● **EXERCISE INPUTS**:
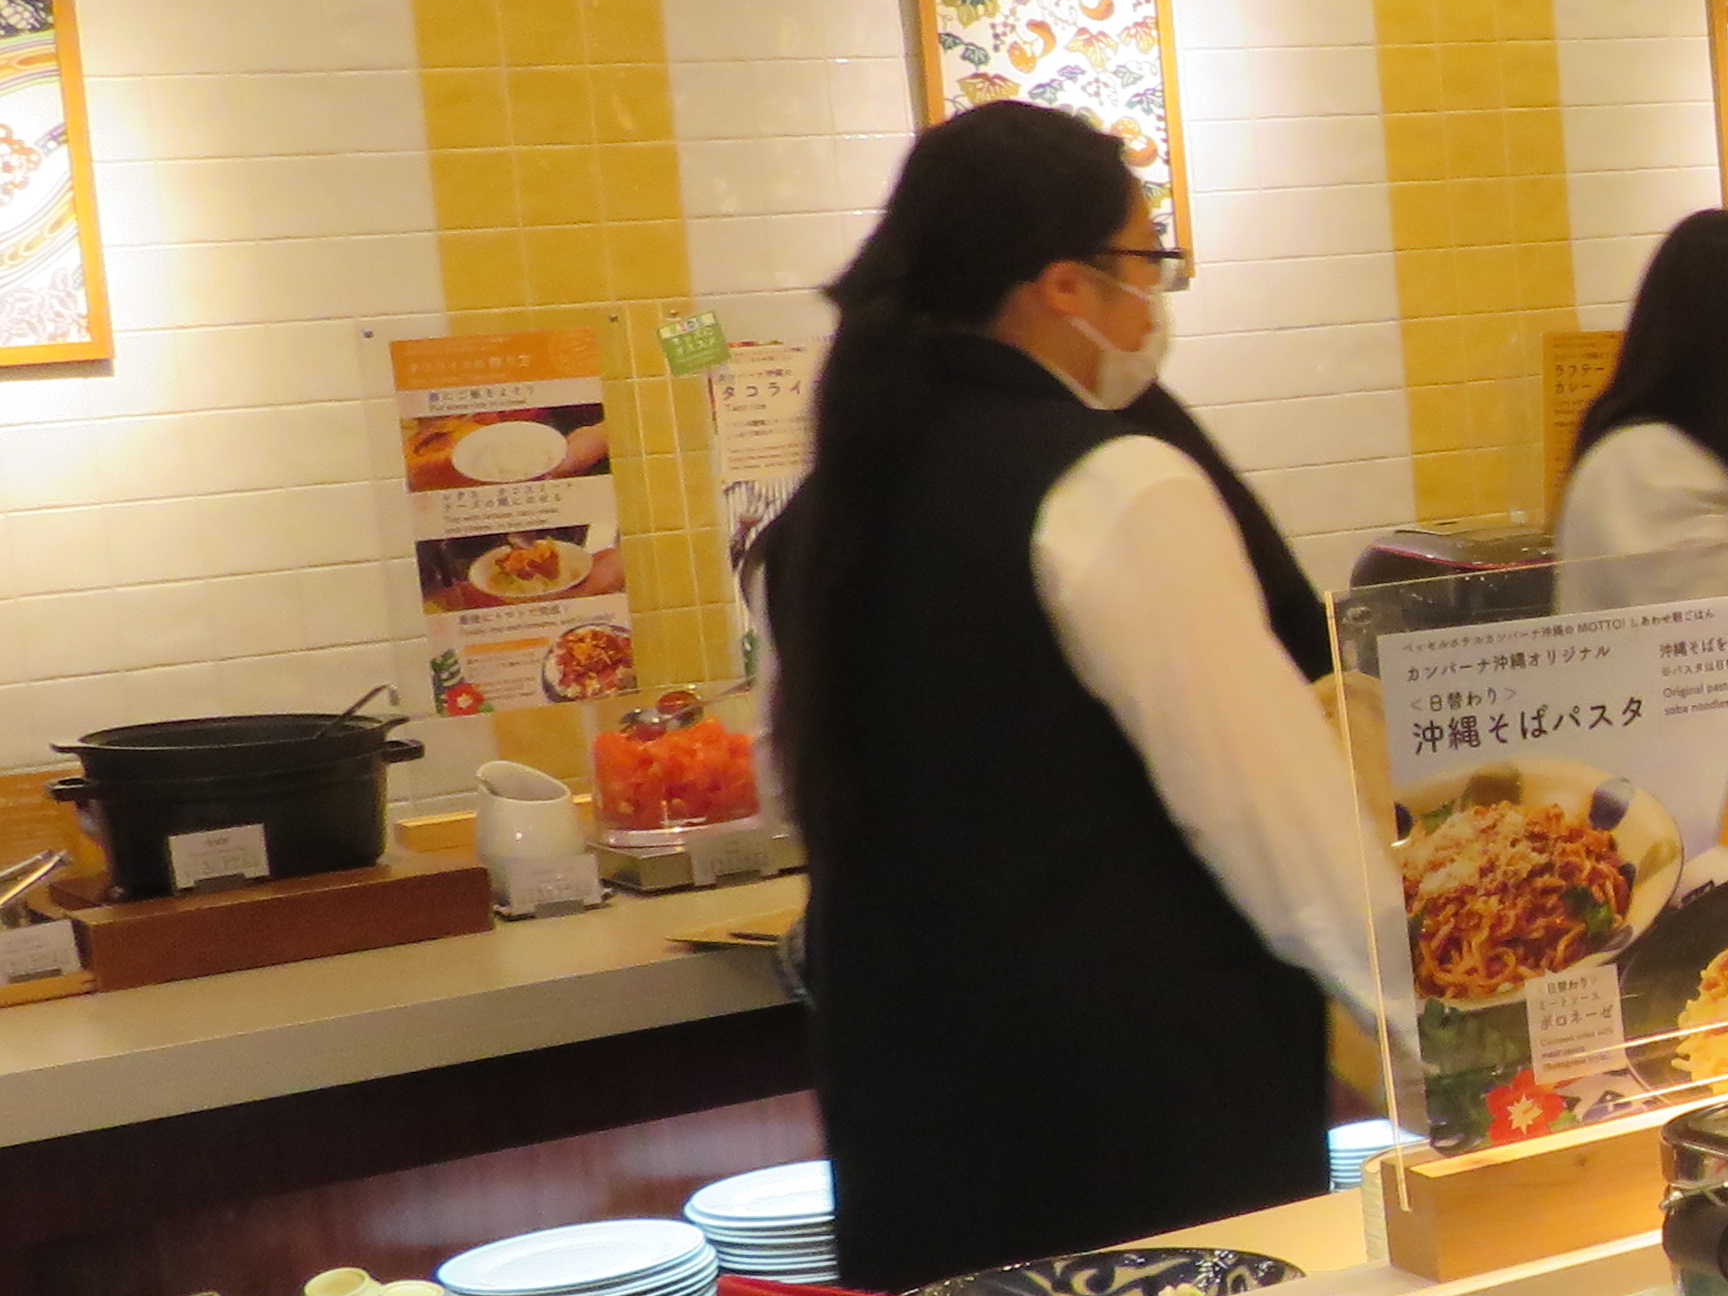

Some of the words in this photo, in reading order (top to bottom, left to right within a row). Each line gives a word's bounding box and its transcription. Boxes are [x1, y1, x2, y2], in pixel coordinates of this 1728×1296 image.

[722, 380, 802, 401] タコライ
[1577, 618, 1626, 635] MOTTO!
[1407, 645, 1611, 682] カンパーナ沖縄オリジナル
[1663, 683, 1704, 700] Original
[1413, 696, 1644, 755] 沖縄そばパスタ
[1541, 1004, 1614, 1031] ボロネーゼ

● **ACTIVITY**: The material should be duplicated word for word, with no images included.

● **WRITTEN REPLY**:
Some of the words in this photo, in reading order (top to bottom, left to right within a row). Each line gives a word's bounding box and its transcription. Boxes are [x1, y1, x2, y2], in pixel coordinates of this 1728×1296 image.

[722, 380, 802, 401] タコライ
[1577, 618, 1626, 635] MOTTO!
[1407, 645, 1611, 682] カンパーナ沖縄オリジナル
[1663, 683, 1704, 700] Original
[1413, 696, 1644, 755] 沖縄そばパスタ
[1541, 1004, 1614, 1031] ボロネーゼ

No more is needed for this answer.